Ознакомительная версия.
Потом грустно продолжил, обращаясь к Шарику:
– Понимаешь, Бобик, без собаки плохо. У меня прошлую собаку медведь задрал. Тоже, как тебя, Бобиком звали.
Потом он ещё грустнее продолжил:
– Хорошо, что хоть ошейник от неё остался. И хорошо, что будка цела. Из неё даже блохи не успели уйти.
«Это точно, – думает Шарик, – никуда они не ушли. Вон целой стаей на меня набросились…»
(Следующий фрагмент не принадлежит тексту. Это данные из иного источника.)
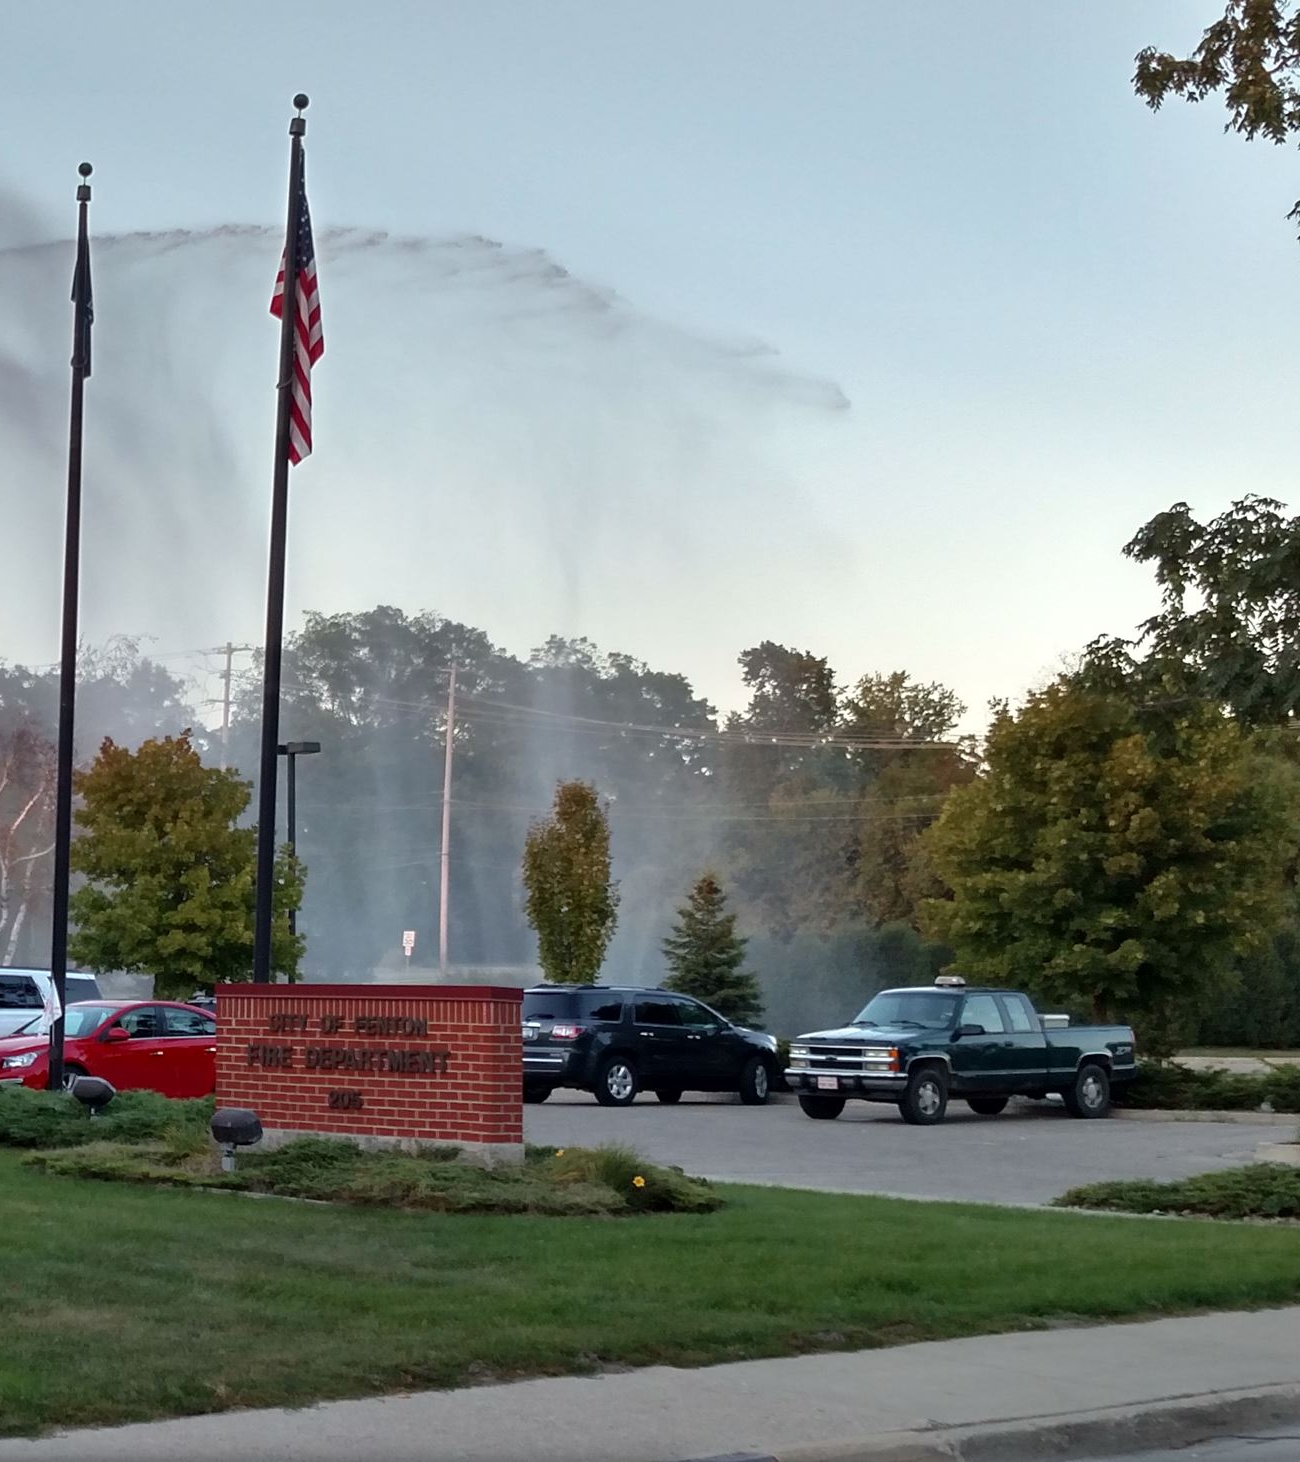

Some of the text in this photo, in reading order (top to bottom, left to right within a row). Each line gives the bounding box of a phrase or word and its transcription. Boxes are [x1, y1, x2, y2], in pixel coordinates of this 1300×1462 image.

Но Шарик молчит, как воды в рот набрал: «Узнает этот охотник, что я говорящий, ни за что не отпустит. Вот пойдём на охоту, я от него убегу».
Шарик голову лапами обнял, в будку залез и молчит.
Вечером охотник его покормил, по голове погладил и сказал:
– Всё-таки, Бобик, приятно, когда у твоего дома верный друг на цепи сидит.
«Тебя бы самого у твоего дома на цепь посадить, тогда бы ты узнал, как это приятно…» – вздохнул Шарик.
Два дня просидел Шарик на цепи, ни слова не говоря. Один раз за это время охотник вывел его в поле на длинном поводке, учил стойку делать на перепёлок.
У Шарика плохо получалось. Он перепёлок хорошо чуял, а вот стойку делать никак не мог. Он вместо этого лаять начинал.
– Ничего, – говорил охотник, – года не пройдёт, как я из тебя хорошую охотничью собаку сделаю. Все данные у тебя для этого есть.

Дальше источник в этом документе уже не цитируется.